» **What is required**:
Without altering a word, return the records below, but exclude the pictures.

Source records
== == ==
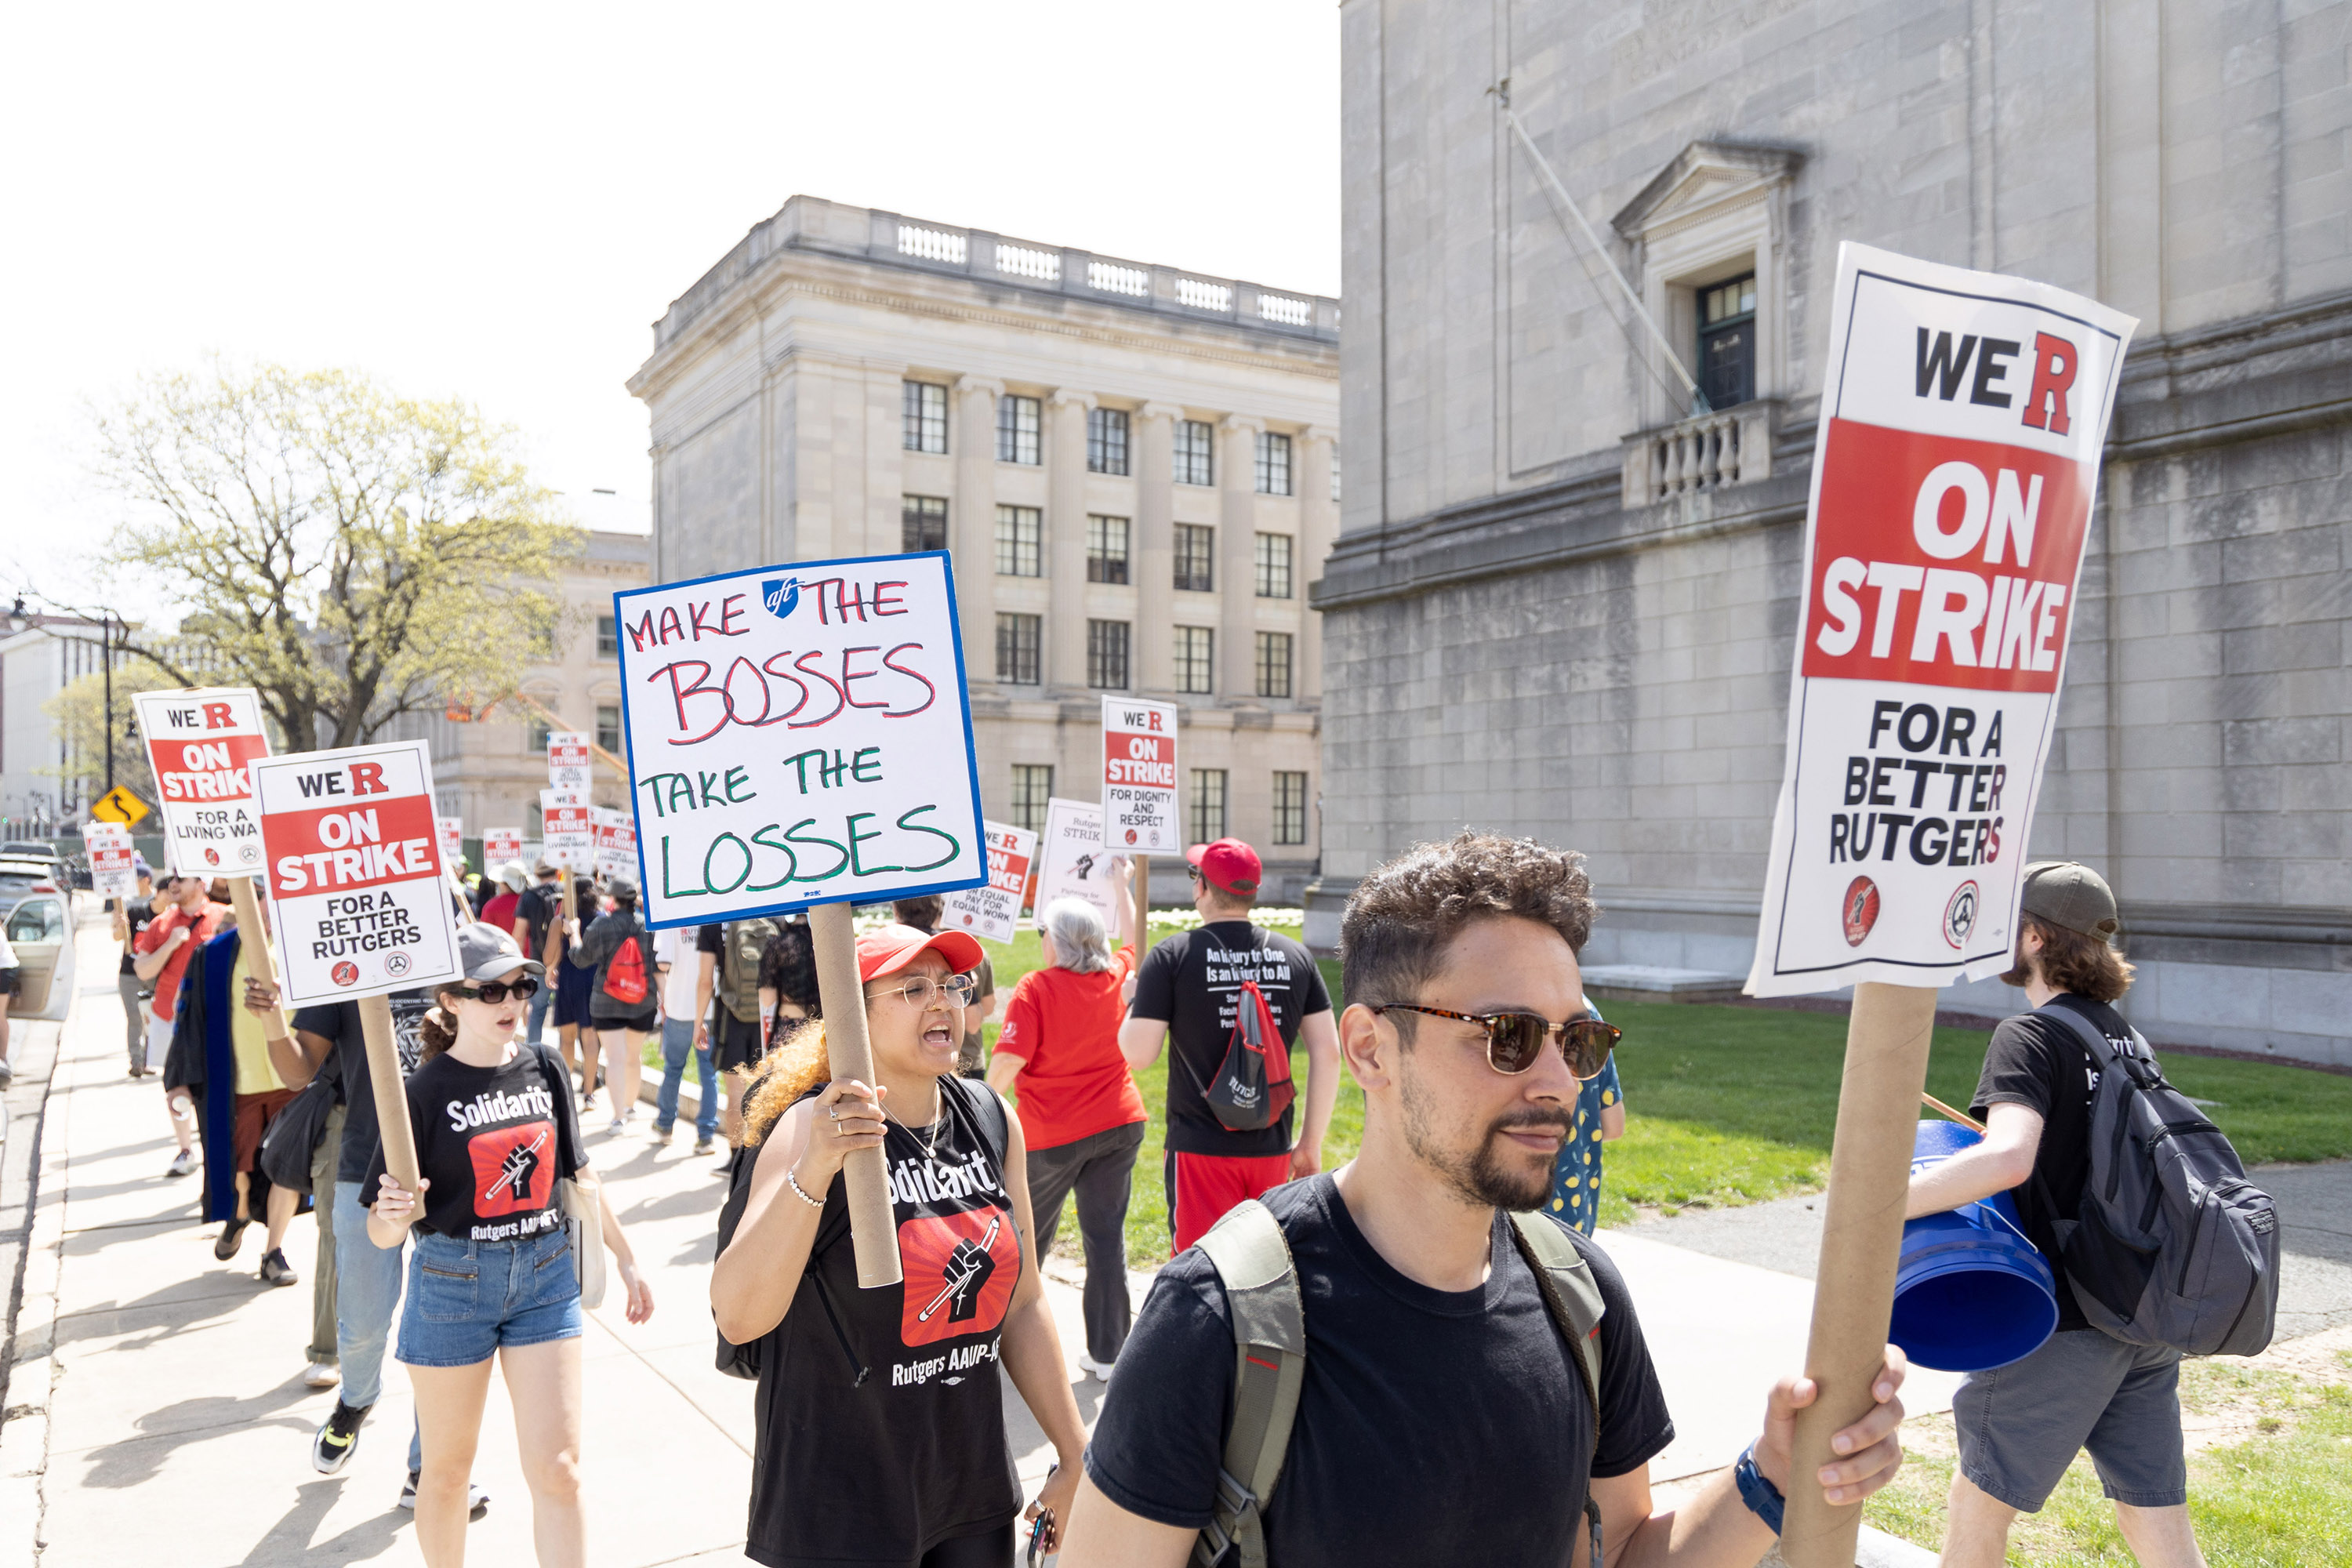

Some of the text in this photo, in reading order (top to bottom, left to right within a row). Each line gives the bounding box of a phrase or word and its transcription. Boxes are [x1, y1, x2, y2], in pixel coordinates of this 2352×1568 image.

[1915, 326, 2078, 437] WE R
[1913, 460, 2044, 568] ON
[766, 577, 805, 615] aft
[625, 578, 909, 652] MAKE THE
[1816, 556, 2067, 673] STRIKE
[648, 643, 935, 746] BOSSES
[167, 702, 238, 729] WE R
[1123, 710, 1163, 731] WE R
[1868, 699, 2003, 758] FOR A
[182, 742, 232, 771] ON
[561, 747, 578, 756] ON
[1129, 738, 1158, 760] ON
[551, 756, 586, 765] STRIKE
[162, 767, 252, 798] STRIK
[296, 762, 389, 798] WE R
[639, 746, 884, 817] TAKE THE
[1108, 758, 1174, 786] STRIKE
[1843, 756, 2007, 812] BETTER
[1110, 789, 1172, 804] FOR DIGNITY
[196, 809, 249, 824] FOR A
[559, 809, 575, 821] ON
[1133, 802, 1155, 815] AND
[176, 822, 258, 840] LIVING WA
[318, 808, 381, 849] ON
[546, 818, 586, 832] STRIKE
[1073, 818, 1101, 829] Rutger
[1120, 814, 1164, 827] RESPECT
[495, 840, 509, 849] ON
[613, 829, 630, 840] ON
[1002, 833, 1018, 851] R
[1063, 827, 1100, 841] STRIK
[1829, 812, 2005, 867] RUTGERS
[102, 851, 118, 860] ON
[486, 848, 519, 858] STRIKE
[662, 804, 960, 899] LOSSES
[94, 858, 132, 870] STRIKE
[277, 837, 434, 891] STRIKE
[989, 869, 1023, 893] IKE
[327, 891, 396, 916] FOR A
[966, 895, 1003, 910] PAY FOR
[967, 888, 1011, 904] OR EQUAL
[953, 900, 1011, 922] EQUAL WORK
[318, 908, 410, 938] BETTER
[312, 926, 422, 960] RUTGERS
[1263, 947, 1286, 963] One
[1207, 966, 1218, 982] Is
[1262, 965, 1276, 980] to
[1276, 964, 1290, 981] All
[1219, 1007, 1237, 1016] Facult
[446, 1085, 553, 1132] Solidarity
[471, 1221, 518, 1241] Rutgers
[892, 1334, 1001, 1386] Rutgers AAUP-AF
== == ==
» **Solution for this task**:
Some of the text in this photo, in reading order (top to bottom, left to right within a row). Each line gives the bounding box of a phrase or word and its transcription. Boxes are [x1, y1, x2, y2], in pixel coordinates of this 2352×1568 image.

[1915, 326, 2078, 437] WE R
[1913, 460, 2044, 568] ON
[766, 577, 805, 615] aft
[625, 578, 909, 652] MAKE THE
[1816, 556, 2067, 673] STRIKE
[648, 643, 935, 746] BOSSES
[167, 702, 238, 729] WE R
[1123, 710, 1163, 731] WE R
[1868, 699, 2003, 758] FOR A
[182, 742, 232, 771] ON
[561, 747, 578, 756] ON
[1129, 738, 1158, 760] ON
[551, 756, 586, 765] STRIKE
[162, 767, 252, 798] STRIK
[296, 762, 389, 798] WE R
[639, 746, 884, 817] TAKE THE
[1108, 758, 1174, 786] STRIKE
[1843, 756, 2007, 812] BETTER
[1110, 789, 1172, 804] FOR DIGNITY
[196, 809, 249, 824] FOR A
[559, 809, 575, 821] ON
[1133, 802, 1155, 815] AND
[176, 822, 258, 840] LIVING WA
[318, 808, 381, 849] ON
[546, 818, 586, 832] STRIKE
[1073, 818, 1101, 829] Rutger
[1120, 814, 1164, 827] RESPECT
[495, 840, 509, 849] ON
[613, 829, 630, 840] ON
[1002, 833, 1018, 851] R
[1063, 827, 1100, 841] STRIK
[1829, 812, 2005, 867] RUTGERS
[102, 851, 118, 860] ON
[486, 848, 519, 858] STRIKE
[662, 804, 960, 899] LOSSES
[94, 858, 132, 870] STRIKE
[277, 837, 434, 891] STRIKE
[989, 869, 1023, 893] IKE
[327, 891, 396, 916] FOR A
[966, 895, 1003, 910] PAY FOR
[967, 888, 1011, 904] OR EQUAL
[953, 900, 1011, 922] EQUAL WORK
[318, 908, 410, 938] BETTER
[312, 926, 422, 960] RUTGERS
[1263, 947, 1286, 963] One
[1207, 966, 1218, 982] Is
[1262, 965, 1276, 980] to
[1276, 964, 1290, 981] All
[1219, 1007, 1237, 1016] Facult
[446, 1085, 553, 1132] Solidarity
[471, 1221, 518, 1241] Rutgers
[892, 1334, 1001, 1386] Rutgers AAUP-AF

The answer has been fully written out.